Consider your lawn an organ like the liver, and each individual blade of grass
as a liver cell. If you turn on your garden hose only slightly there is a
low pressure (low blood pressure) in the hose, and you can't water very much
of your lawn. Each blade of grass does not get enough water, so there is inadequate
perfusion. If you turn up the spigot all the way you increase the stroke volume
leading to an increase incardiac output. This increases
the pressure (increased blood pressure) in the hose, and all the blades of
grass will get enough water (better perfusion). The spigot is the cardiac
output, the flow through the garden hose is the blood pressure, the amount
of water each blade of grass gets is the perfusion.
In our hose analogy, preload is how much
water the city is supplying to your spigot (the water company is the venous
system bringing blood back to the heart). Afterload is equivalent to how much
force is needed by the spigot to get an adequate amount of water to the lawn
(adequate perfusion). If you change hoses and hook up one that is smaller
in diameter (increased vascular resistance) more force is needed from the
spigot (more afterload) to give the lawn enough water (adequate perfusion).

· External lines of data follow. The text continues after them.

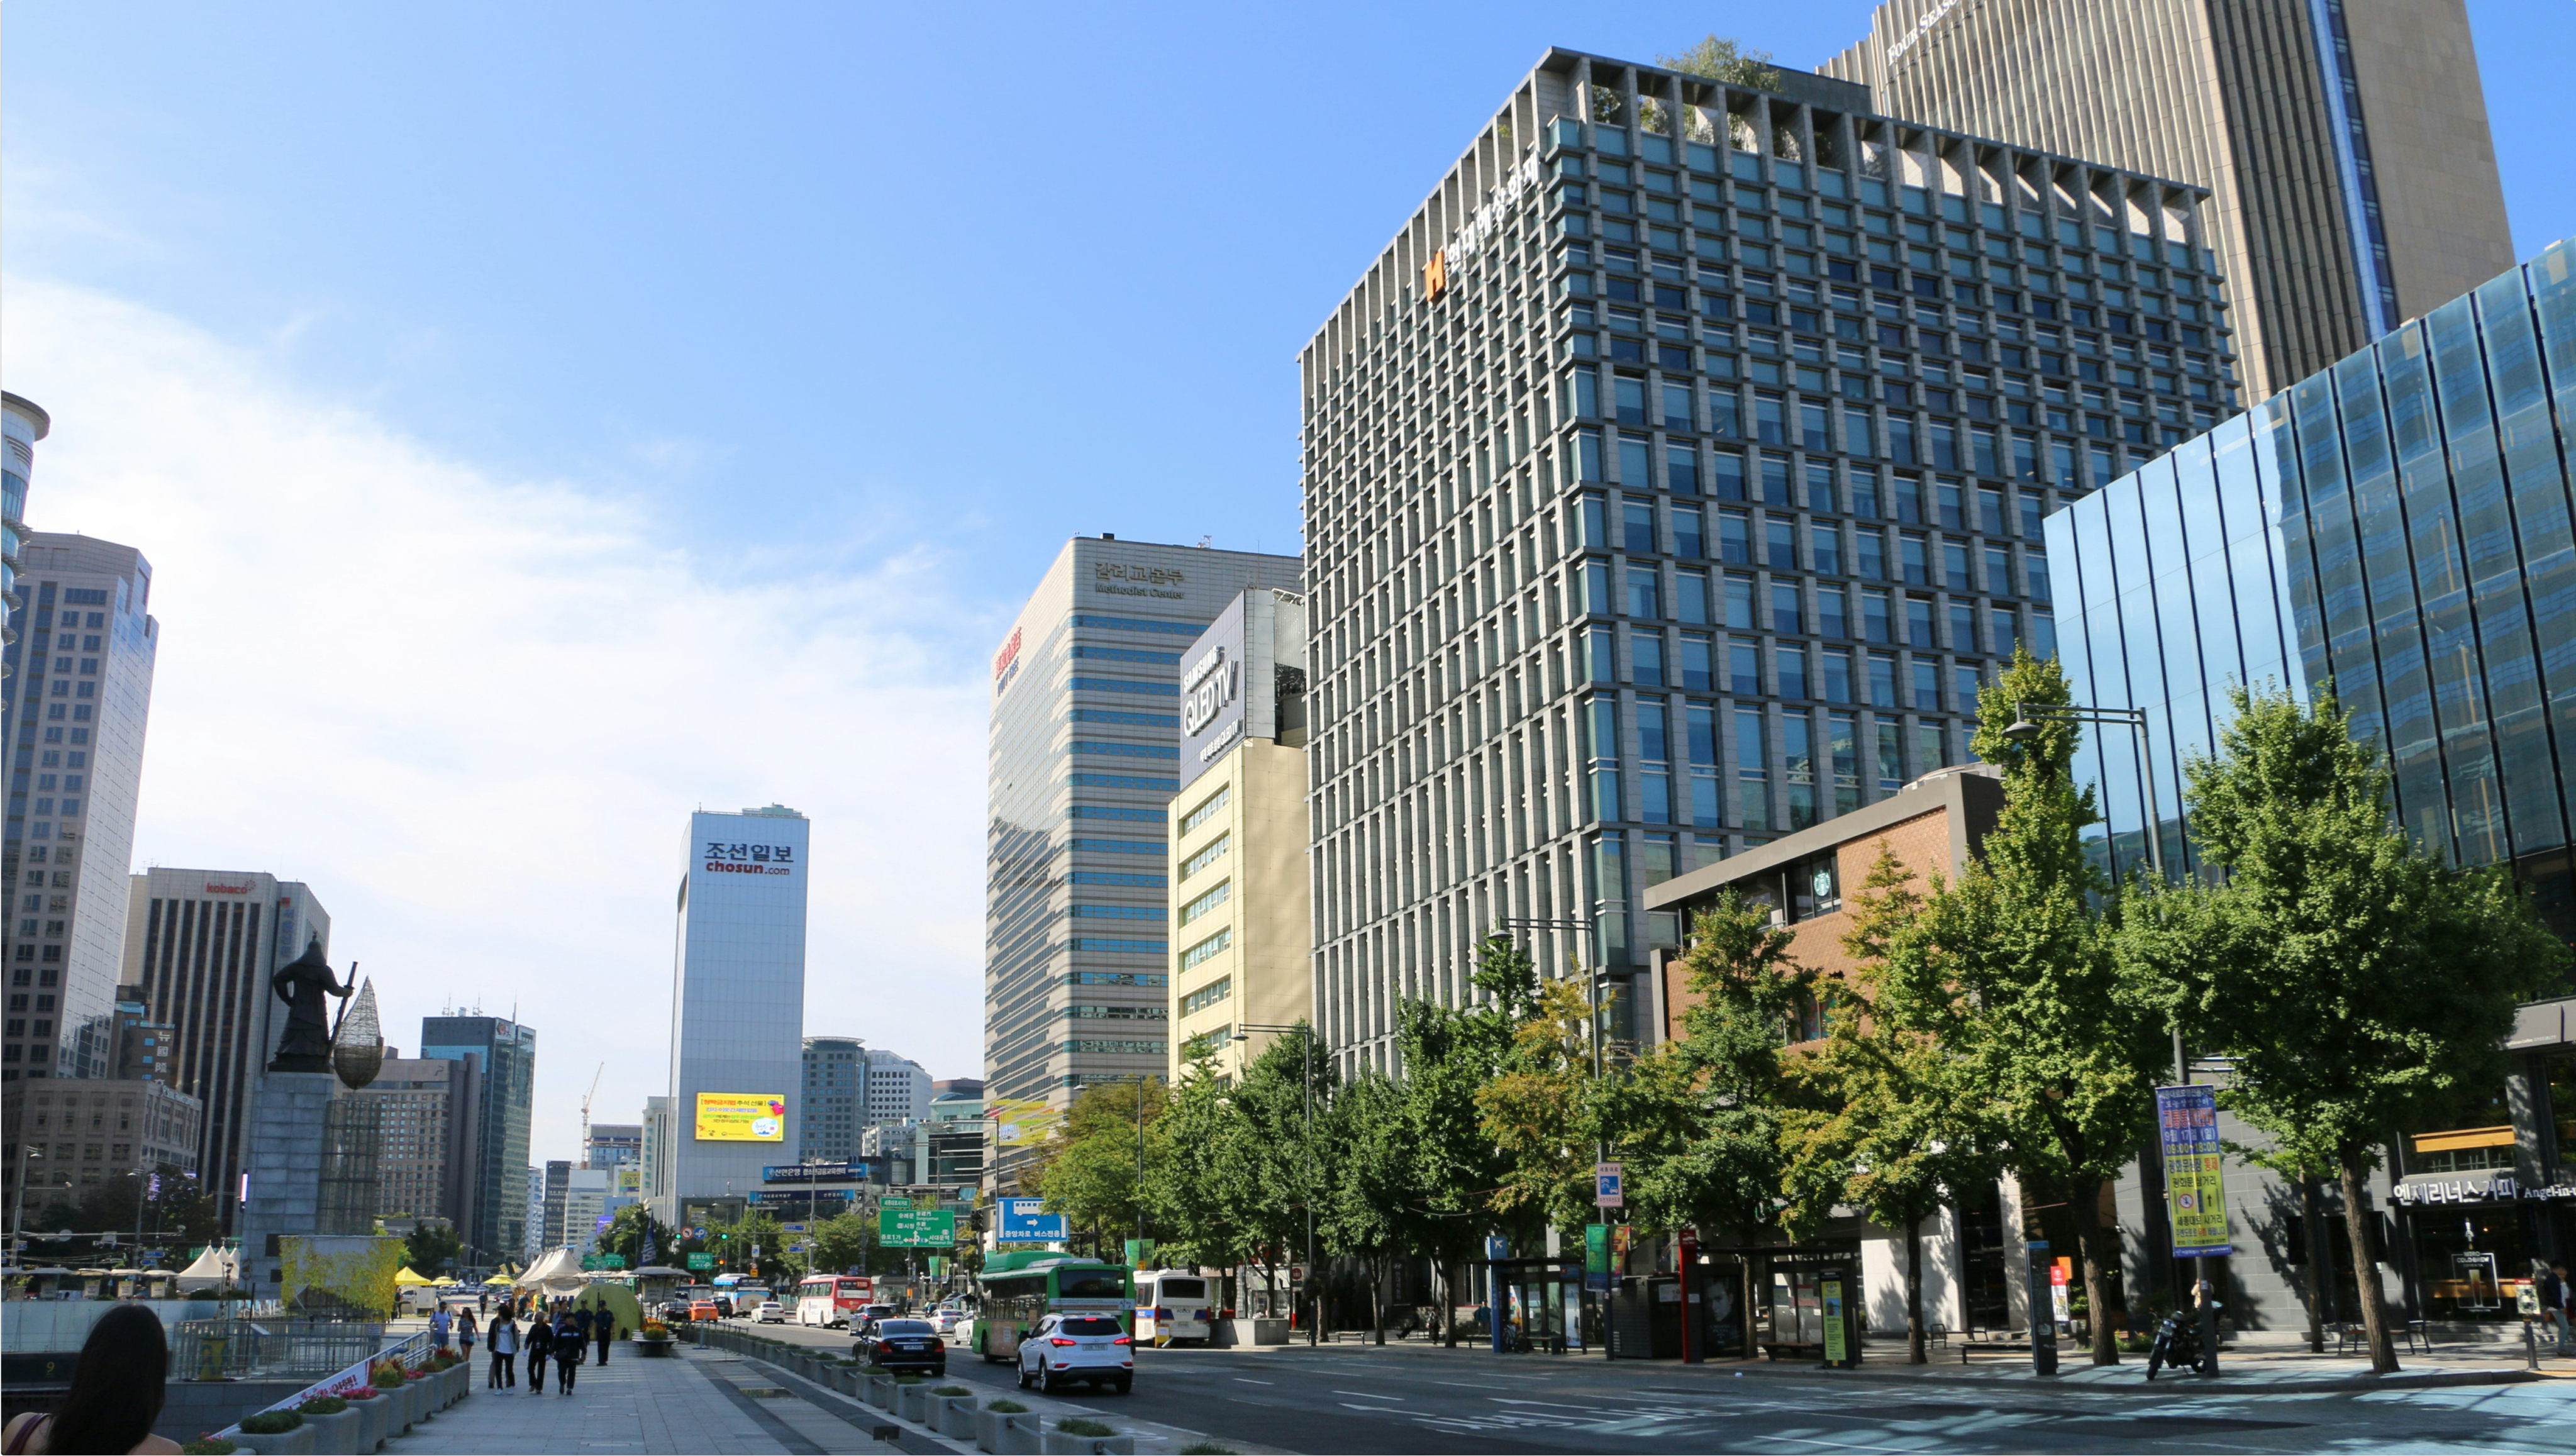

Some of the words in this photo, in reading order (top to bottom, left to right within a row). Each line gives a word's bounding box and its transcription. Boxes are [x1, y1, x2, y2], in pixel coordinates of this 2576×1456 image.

[1887, 28, 1919, 67] FOUR
[1447, 150, 1541, 274] 현대해상화재
[1096, 562, 1184, 586] 감리교본부
[1096, 583, 1148, 597] Methodist
[1150, 588, 1185, 599] Center
[1184, 645, 1221, 694] SAMSUNG
[1184, 681, 1218, 737] QLED
[1216, 660, 1236, 708] TV
[1220, 725, 1232, 746] QLED
[1231, 718, 1238, 736] TV
[704, 843, 794, 862] 조선일보
[706, 860, 790, 875] chosun.com
[206, 883, 247, 894] kobaco
[2165, 1130, 2178, 1142] 9월
[2181, 1128, 2197, 1141] 17일
[2201, 1127, 2216, 1140] (일)
[775, 1167, 801, 1176] 신한은행
[2168, 1158, 2202, 1174] 광화문광장
[2204, 1157, 2219, 1172] 통제
[2172, 1177, 2194, 1188] 광화문
[2196, 1175, 2217, 1187] 삼거리
[2393, 1177, 2518, 1206] 엔제리너스커피
[2177, 1216, 2201, 1226] 세종대로
[2204, 1214, 2223, 1225] 사거리
[47, 1362, 55, 1372] 9
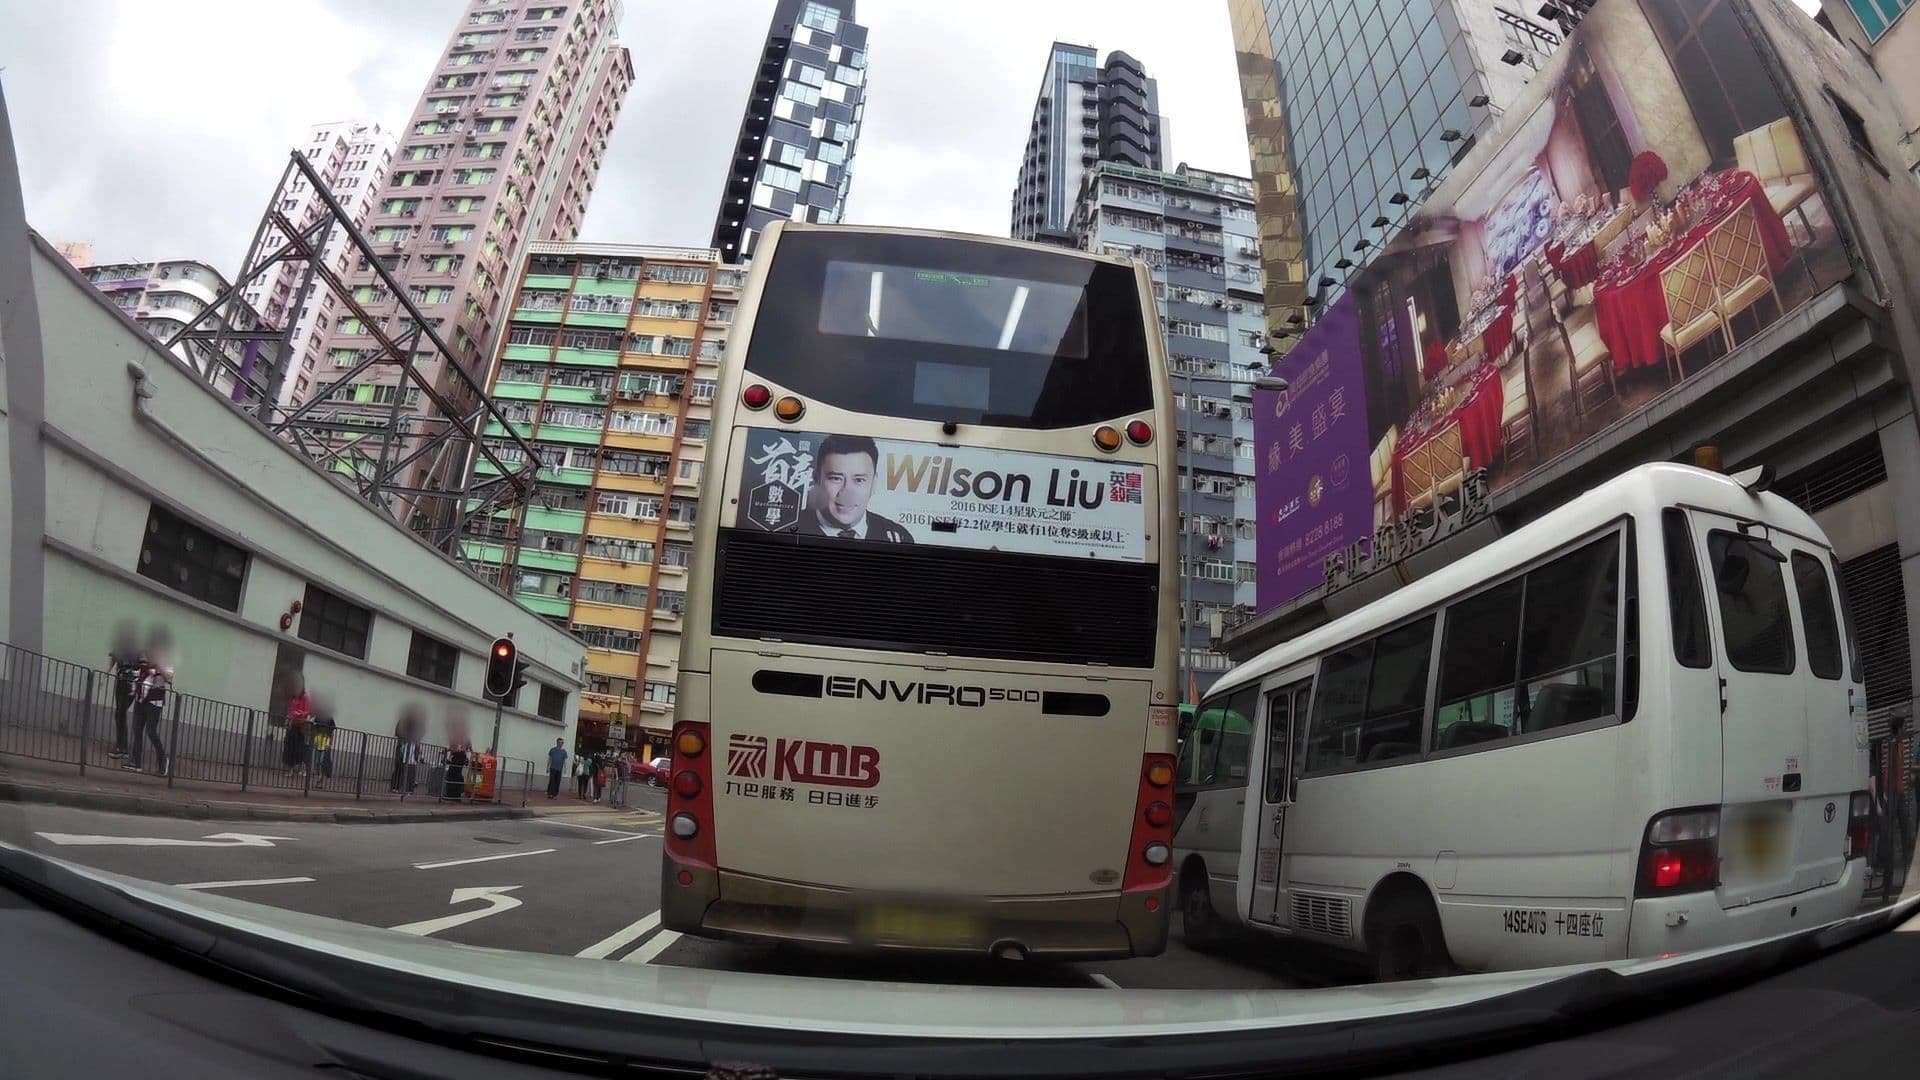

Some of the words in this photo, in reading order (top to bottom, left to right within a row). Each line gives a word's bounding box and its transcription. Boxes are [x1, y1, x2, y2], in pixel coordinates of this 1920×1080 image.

[886, 453, 1032, 503] Wilson
[1047, 468, 1105, 510] Liu
[899, 513, 926, 525] 2016
[950, 500, 976, 513] 2016
[978, 503, 999, 514] DSE
[774, 738, 881, 788] KMB
[726, 781, 796, 802] 九巴服務
[808, 790, 879, 809] 日日進步
[1554, 911, 1604, 938] 十四座位
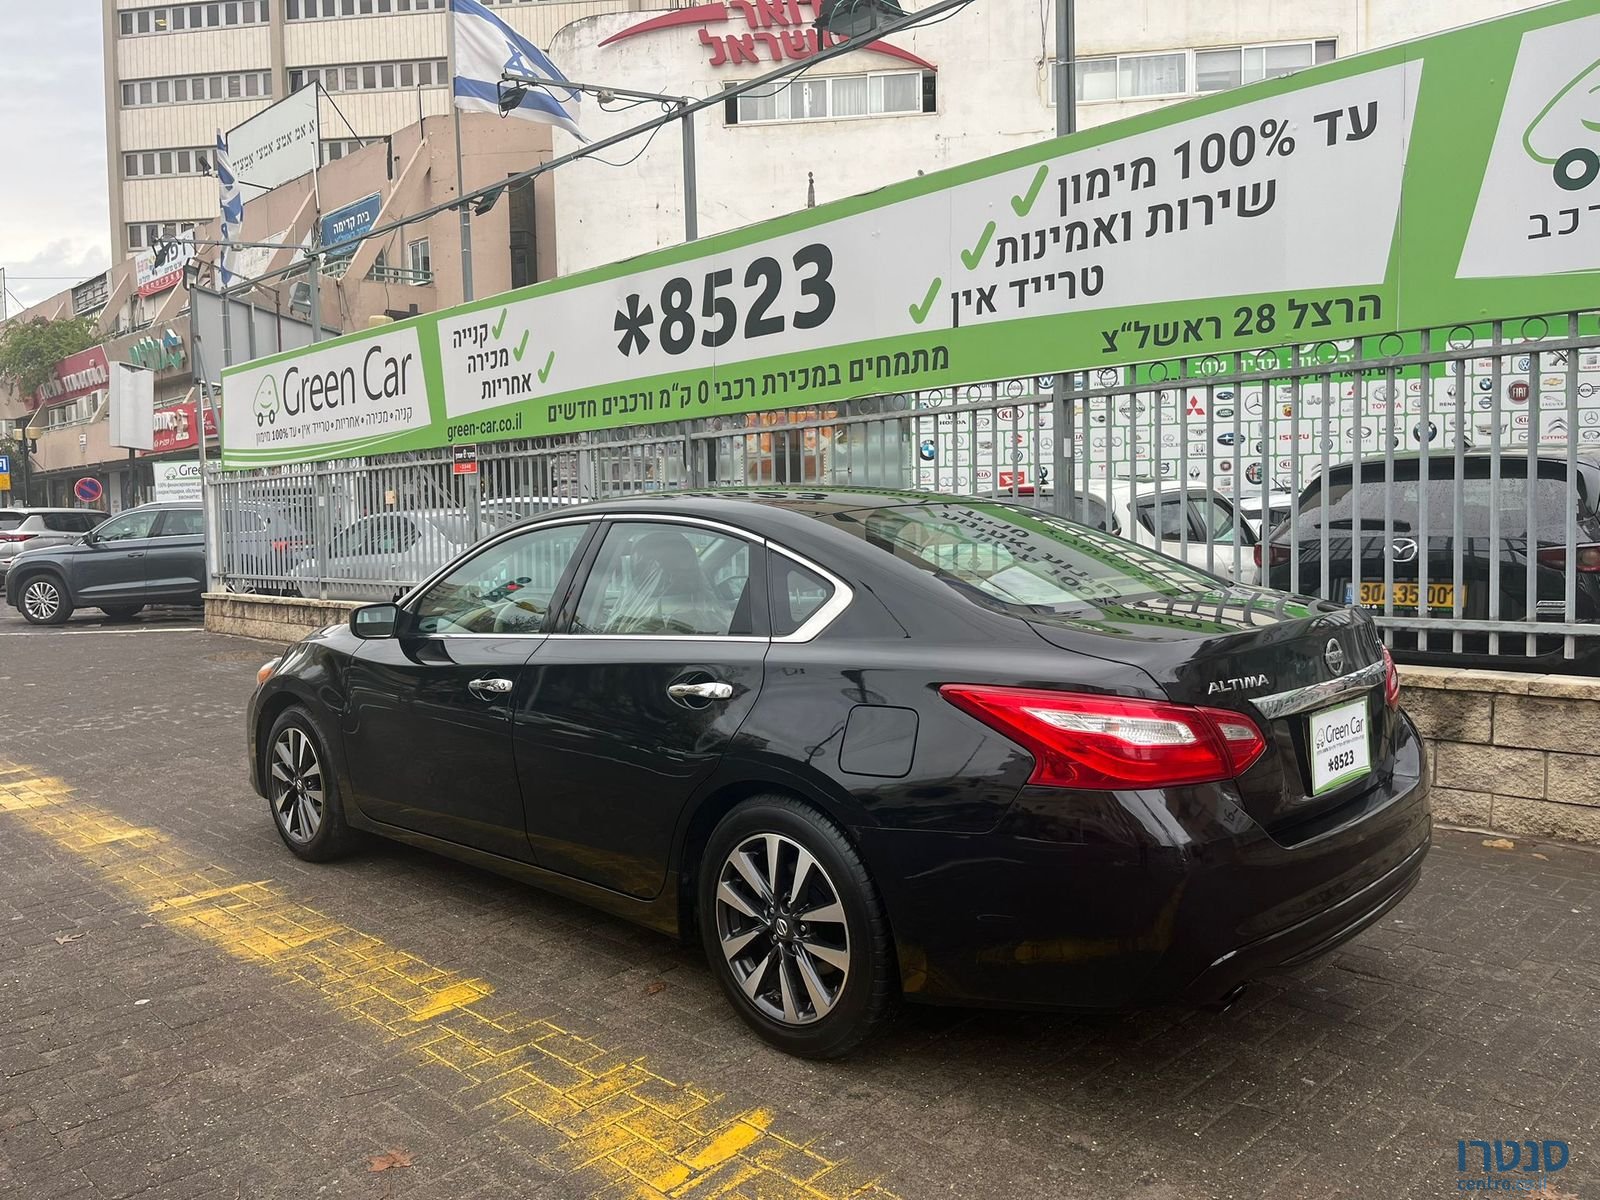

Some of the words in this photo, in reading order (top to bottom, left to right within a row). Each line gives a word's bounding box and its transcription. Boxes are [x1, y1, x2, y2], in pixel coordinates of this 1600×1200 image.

[730, 0, 820, 29] ואר
[1313, 100, 1379, 147] עד
[1173, 117, 1297, 181] 100%
[1057, 155, 1157, 217] מימון
[357, 211, 370, 226] בית
[1145, 178, 1277, 239] שירות
[333, 216, 356, 235] קדימה
[995, 208, 1133, 268] ואמינות
[1009, 264, 1104, 308] טרייד
[951, 282, 998, 329] אין
[1287, 294, 1382, 329] הרצל
[1233, 302, 1275, 337] 28
[453, 323, 489, 349] קנייה
[468, 348, 509, 373] מכירה
[849, 345, 949, 382] מתמחים
[283, 366, 356, 416] Green
[363, 345, 412, 400] Car
[481, 373, 532, 400] אחריות
[697, 380, 709, 404] 0
[714, 377, 755, 402] רכבי
[762, 364, 842, 396] במכירת
[1512, 385, 1527, 398] FIAT
[395, 407, 413, 423] קניה
[548, 399, 597, 423] חדשים
[602, 391, 653, 416] ורכבים
[301, 423, 311, 439] אין
[312, 420, 330, 434] טרייד
[335, 416, 360, 431] אחריות
[366, 411, 389, 426] מכירה
[447, 412, 522, 442] green-car.co.il
[272, 429, 289, 441] 100%
[1208, 673, 1270, 695] ALTIMA
[1325, 724, 1350, 743] Green
[1350, 716, 1364, 735] Car

This means the spigot has to do more work. If the spigot is the heart, this
means that it has to contract harder to get that blood out to all those cells
in the body. A healthy heart is up to this challenge, a diseased heart is
not.
So now lets see what happens when
all of this complicated physiology has a problem, a process we call
pathophysiology.
There is a difference between
heart disease and heart failure. In heart disease the heart has some
type of abnormality. If minor enough, the heart is able to deliver
adequate perfusion to the cells, and there is no problem. In heart
failure, the heart does not maintain an adequate perfusion for normal
cell function. Pets that are relatively inactive may be able to stave
off the effects of heart failure longer than active pets because they
do not challenge the cardiovascular system. This has a bad side
though, because by the time the symptoms of heart failure are finally
apparent to an owner, the disease is well entrenched and more
difficult to treat.
When the heart starts failing
(decreased cardiac output) it is due to either a 1)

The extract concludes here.